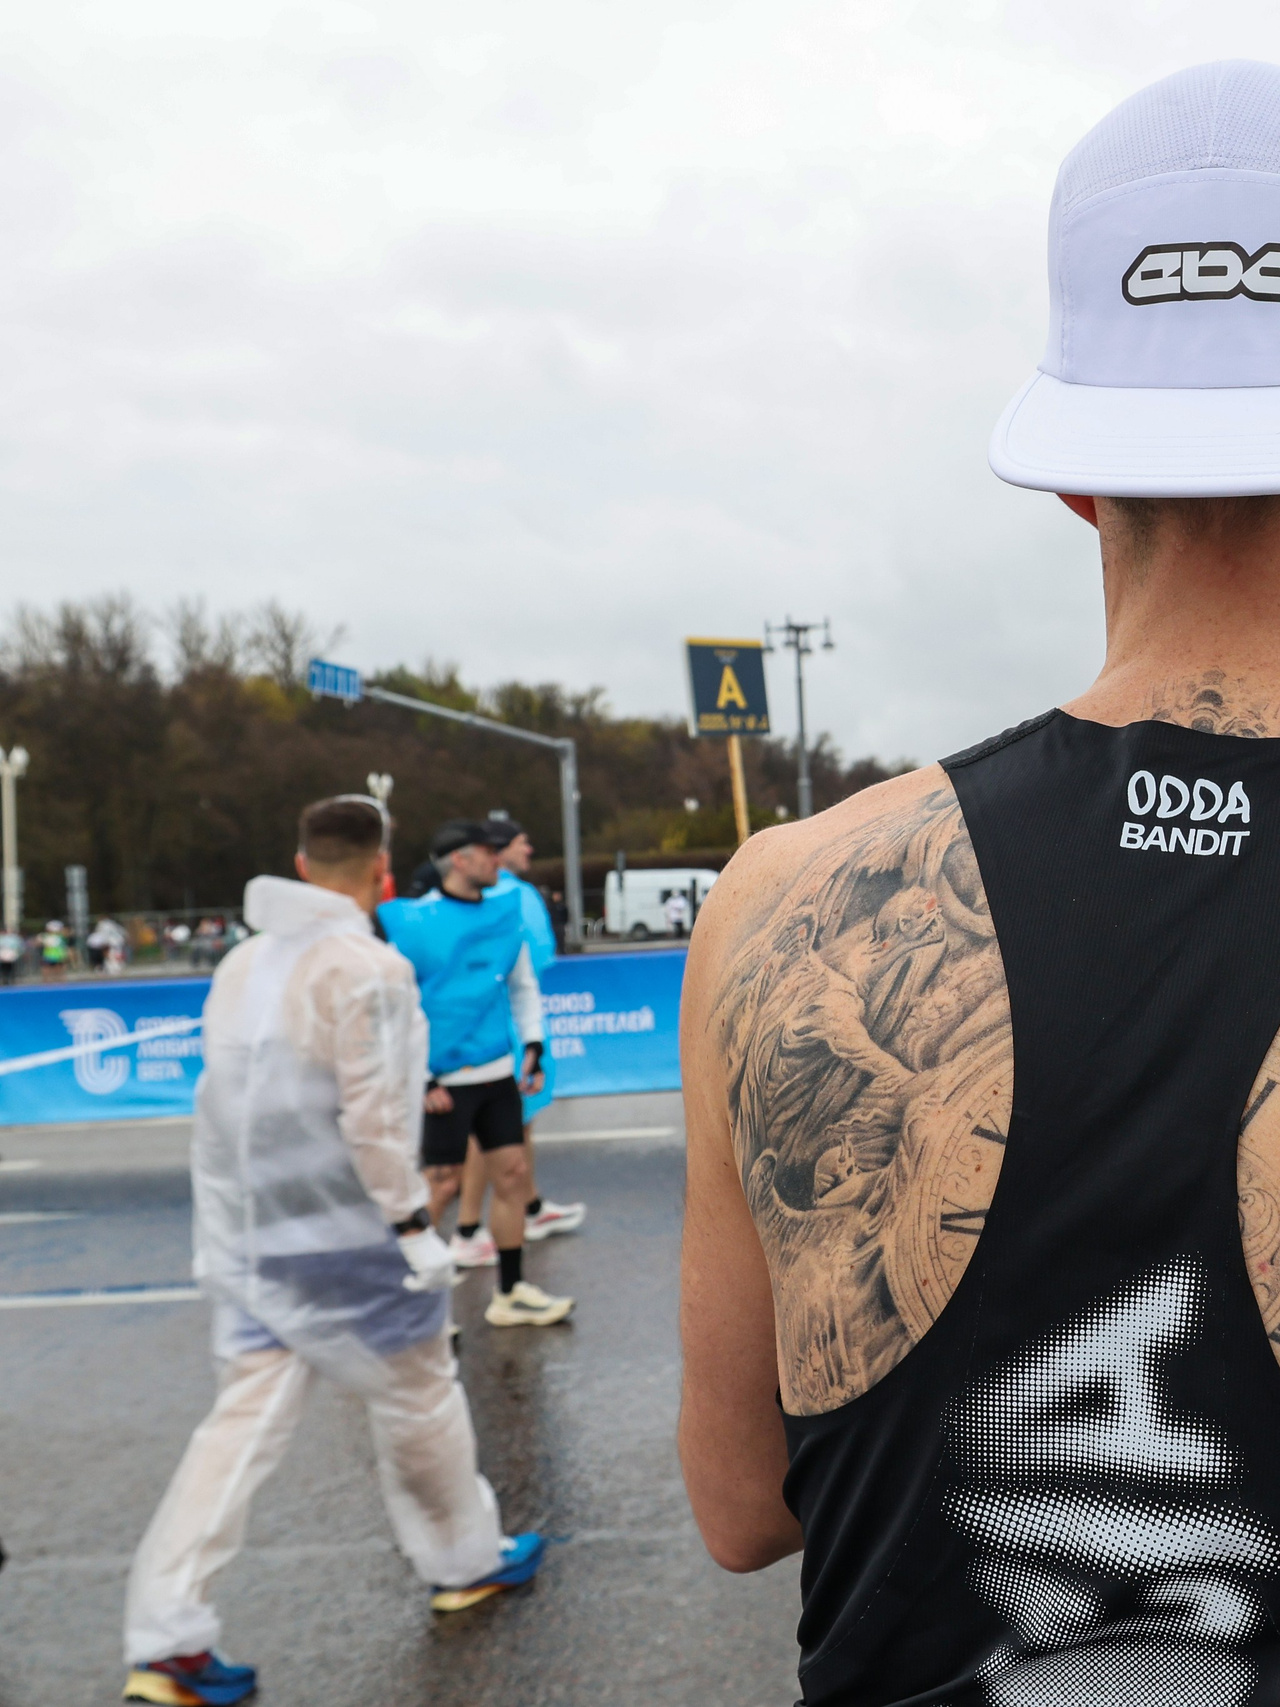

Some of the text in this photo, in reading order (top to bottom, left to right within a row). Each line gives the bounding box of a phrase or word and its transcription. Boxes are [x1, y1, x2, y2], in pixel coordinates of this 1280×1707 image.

[1127, 769, 1251, 824] ODDA
[1119, 821, 1251, 856] BANDIT
[549, 1005, 655, 1034] ЮБИТЕЛЕЙ
[549, 1037, 586, 1059] ЕГА
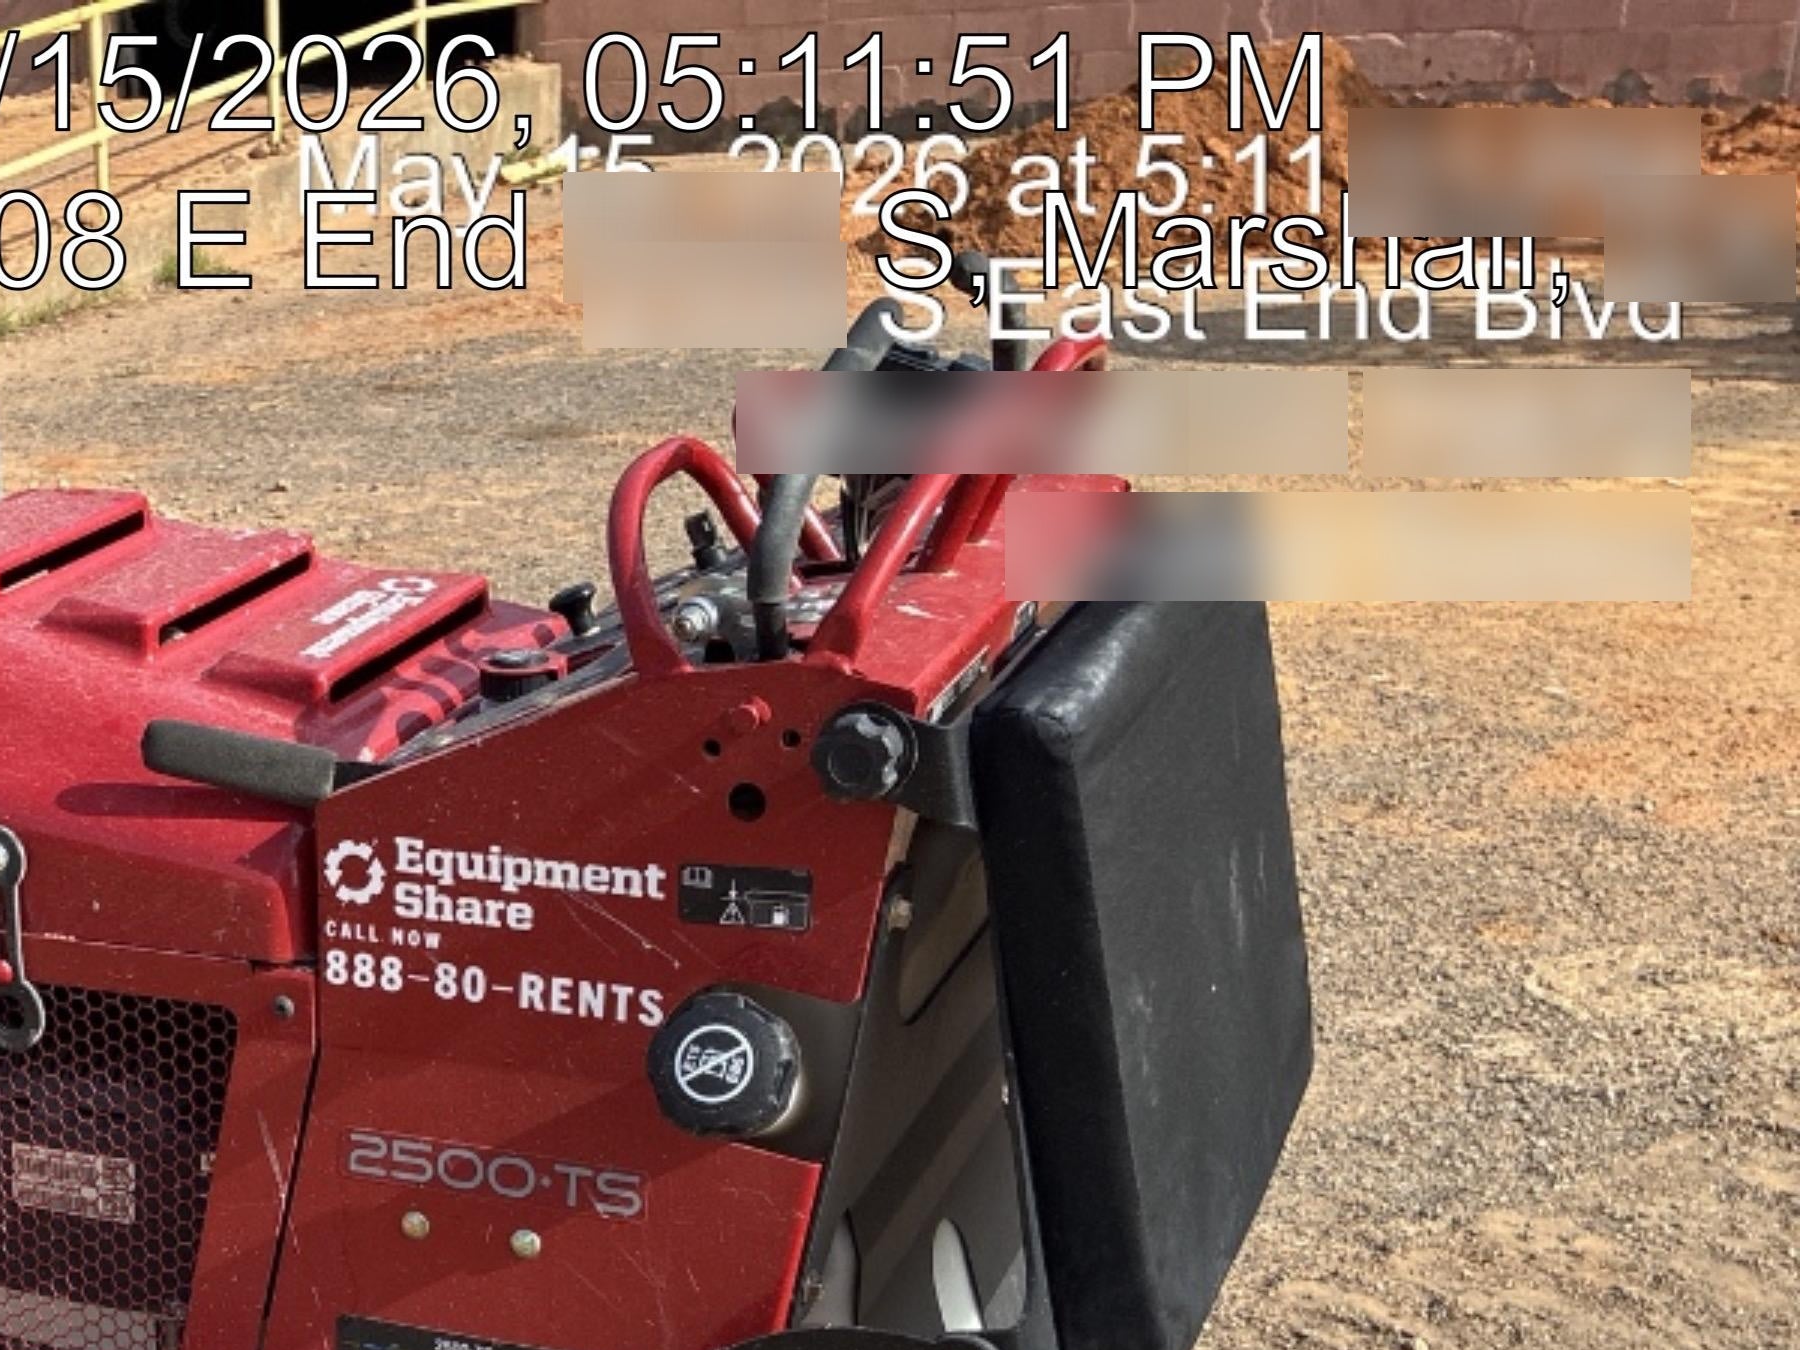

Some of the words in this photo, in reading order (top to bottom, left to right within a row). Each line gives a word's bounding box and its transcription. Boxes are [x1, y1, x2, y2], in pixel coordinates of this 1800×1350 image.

[394, 836, 667, 900] Equipment
[394, 882, 534, 930] Share
[325, 921, 380, 943] CALL
[393, 929, 442, 950] NOW
[325, 950, 665, 1027] 888-80-RENTS

> [Task item]: Write out the lines from the one containing "Some of the words" through the last line of the records above. Include both of those lines and nothing else.

> [Result of the task]:
Some of the words in this photo, in reading order (top to bottom, left to right within a row). Each line gives a word's bounding box and its transcription. Boxes are [x1, y1, x2, y2], in pixel coordinates of this 1800×1350 image.

[394, 836, 667, 900] Equipment
[394, 882, 534, 930] Share
[325, 921, 380, 943] CALL
[393, 929, 442, 950] NOW
[325, 950, 665, 1027] 888-80-RENTS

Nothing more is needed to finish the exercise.